El sexenio de Enrique Peña Nieto será recordado por el alto nivel de corrupción imperante en su gobierno y una imagen de frivolidad y dispendio.

El voto masivo que obtuvo López Obrador en 2018 obedeció, junto a su figura y su proyecto político, a un gesto de repudio hacia la pasada Administración.

AMLO supo pulsar, como nadie, el estado de ánimo social y generar una narrativa para movilizar electoralmente el hartazgo ciudadano. Maestro de los símbolos, hizo de la “honestidad valiente” un emblema que le dio capital político suficiente para ganar cómodamente los comicios presidenciales.

En el marco de una gestión que no ha resultado del todo afortunada, tanto por limitaciones propias del actual equipo gubernamental como del complicado contexto nacional e internacional por el que estamos atravesando, el Presidente vuelve a enarbolar la bandera de la lucha anticorrupción como un elemento que puede llevarle a recuperar terreno.

En efecto, las cosas no marchan nada bien. La economía mexicana caerá 9% este año, de acuerdo con el pronóstico de la Comisión Económica para América Latina y el Caribe (Cepal), un organismo al que nadie se atrevería a tachar de “neoliberal”; tan solo en el bimestre abril-mayo se perdieron millones de empleos, no lo dice un vocero “conservador”, lo dice Jonathan Heath, subgobernador del Banco de México (Banxico).

En 2019 se registraron 35,620 homicidios y en los cinco primeros meses de este año, se han contabilizado 14,831 más; 50 mil mexicanos han perdido la vida de forma violenta durante este gobierno, mientras la estrategia de seguridad federal no termina de tomar forma y la presencia de la Guardia Nacional no logra pacificar los territorios más violentos.

37 mil personas han muerto por Covid-19 y los contagios crecen en medio de la reapertura económica, mientras las Naciones Unidas calculan que los fallecimientos llegarán a 90 mil. La pandemia no está cediendo ante la gestión oficial que ha sido cuestionada por su falta de evidencia y del uso de parámetros médicos y científicos.

Por si fuera poco, Morena viene cayendo en las preferencias electorales y no queda claro que pueda refrendar su mayoría en la Cámara de Diputados en 2021. Una encuesta de Alejandro Moreno para el periódico El Financiero (junio 22) destaca que 33% de los mexicanos votaría por Morena y 34% por una coalición opositora. Ya no hay hegemonías claras.

¿Qué se hace en casos como este, qué recomiendan los manuales de gobernabilidad? Pues enfocar la comunicación política a los aspectos del quehacer gubernamental que más valoran los ciudadanos. ¿Y cuál es el único tema que hoy le rinde dividendos a este gobierno? El combate a la corrupción, porque en todos los demás está cuestionado.
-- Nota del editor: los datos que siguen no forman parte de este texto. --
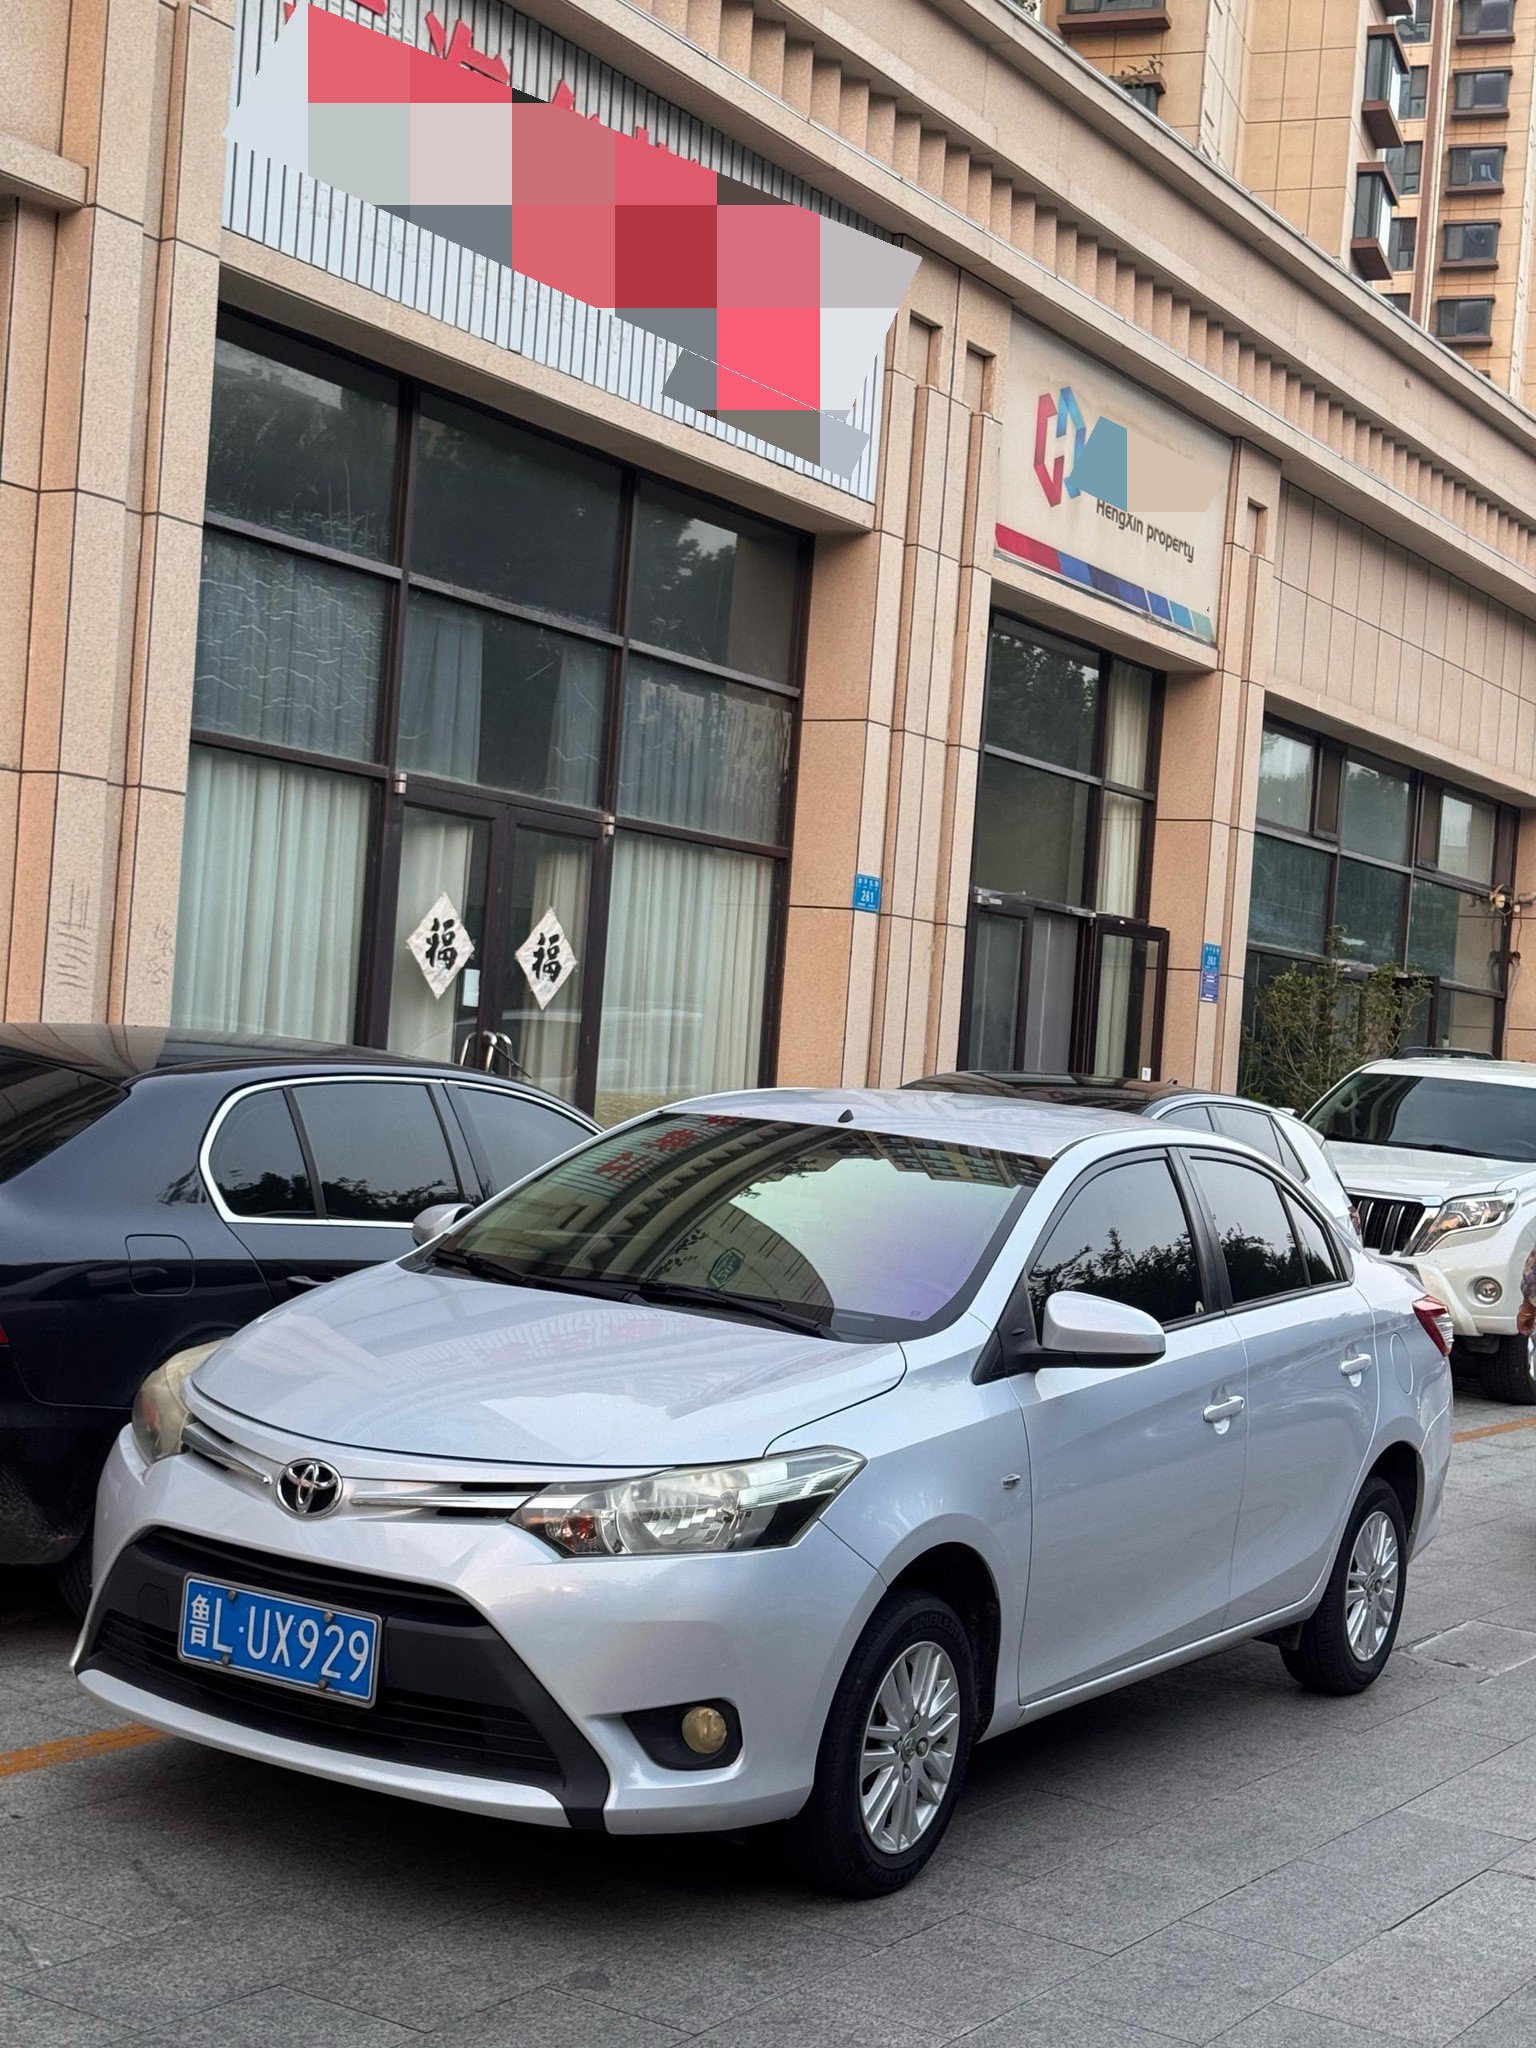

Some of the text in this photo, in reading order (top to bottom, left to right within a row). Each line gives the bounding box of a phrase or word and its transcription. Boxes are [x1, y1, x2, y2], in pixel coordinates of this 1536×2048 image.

[1146, 524, 1195, 563] property
[425, 918, 458, 970] 福
[532, 933, 562, 983] 福
Aquí es donde entra la detención y extradición a México de Emilio Lozoya, exdirector general de Pemex, pieza clave en la corrupción del pasado gobierno.

Desesperado por salvarse de la cárcel y salvar también a su madre y a su esposa, se sospecha de haber negociado con las autoridades judiciales mexicanas a cambio de revelar datos y nombres. Se dice que cuenta con muchas horas de video que atestiguan la entrega de dinero a diversos personajes políticos para amarrar su voto a favor de la reforma energética de Peña Nieto, y que proporcionará información sustantiva que conduzca hacia el expresidente y hacia Luis Videgaray, uno de sus hombres más cercanos.
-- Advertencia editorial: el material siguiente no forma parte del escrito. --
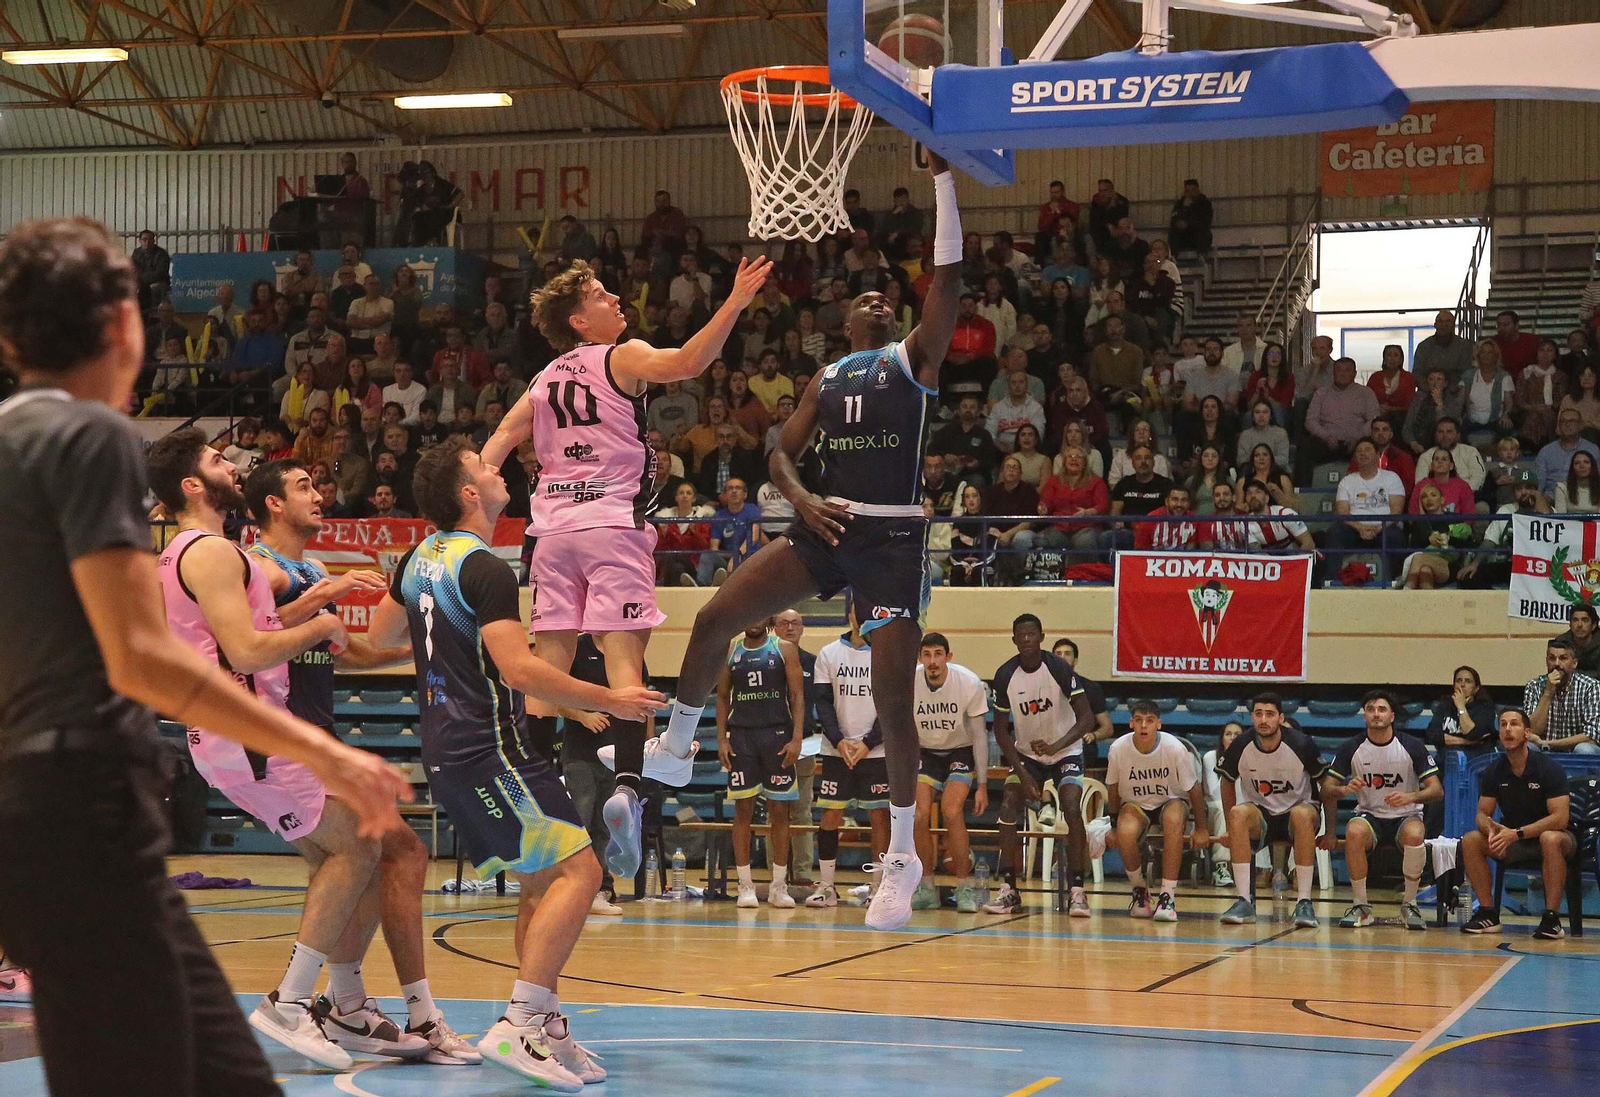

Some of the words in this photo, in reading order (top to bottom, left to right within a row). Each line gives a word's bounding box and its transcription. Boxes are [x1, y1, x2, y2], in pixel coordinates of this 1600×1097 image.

[1011, 78, 1117, 104] SPORT
[1118, 70, 1252, 103] SYSTEM
[1328, 136, 1485, 171] Cafetería
[174, 279, 234, 289] Ayuntamiento
[186, 288, 219, 299] Algeci
[547, 380, 602, 429] 10
[844, 395, 862, 423] 11
[1522, 471, 1529, 480] B
[763, 491, 784, 501] VAN
[316, 519, 393, 545] PEÑA
[1529, 520, 1566, 545] ACF
[1145, 558, 1282, 582] KOMANDO
[1526, 559, 1548, 574] 19
[836, 663, 870, 678] ÁNIM
[1142, 655, 1210, 671] FUENTE
[1213, 658, 1276, 673] NUEVA
[747, 670, 763, 687] 21
[737, 689, 780, 701] damex.io
[839, 684, 872, 696] RILEY
[917, 701, 958, 715] ÁNIMO
[920, 719, 956, 731] RILEY
[731, 771, 745, 787] 21
[1128, 766, 1170, 780] ÁNIMO
[820, 780, 839, 796] 55
[1132, 784, 1169, 796] RILEY
El Presidente puede utilizar el caso Lozoya, violando la autonomía del Poder Judicial, para tratar de recuperar algo de la popularidad perdida, para exhibir la “derrota moral” de la oposición.

La estrategia de símbolos, enfocada sobre todo a la base de la pirámide social, donde se ubica su electorado cautivo, le ha funcionado bien: asegurar que se ha acabado la corrupción, presumir la austeridad personal y la pirotecnia de los corruptos del pasado. Sin embargo, en el fondo nada ha cambiado. Los reportes independientes e internacionales así lo dejan ver.

Si el tema Lozoya no deriva en un juicio imparcial, si no se castiga a todos los culpables, si se vuelve un espectáculo político a modo para los intereses del Presidente, quedará claro que estamos ante un show mediático, una vendetta política, que forma parte de una estrategia electoral.

Mientras tanto, la corrupción seguirá ahí, intacta, ante la falta de voluntad política para combatirla real y frontalmente con instrumentos institucionales efectivos y con la participación de la sociedad civil. Ojalá se impongan la justicia y la verdad, y no las prioridades electorales.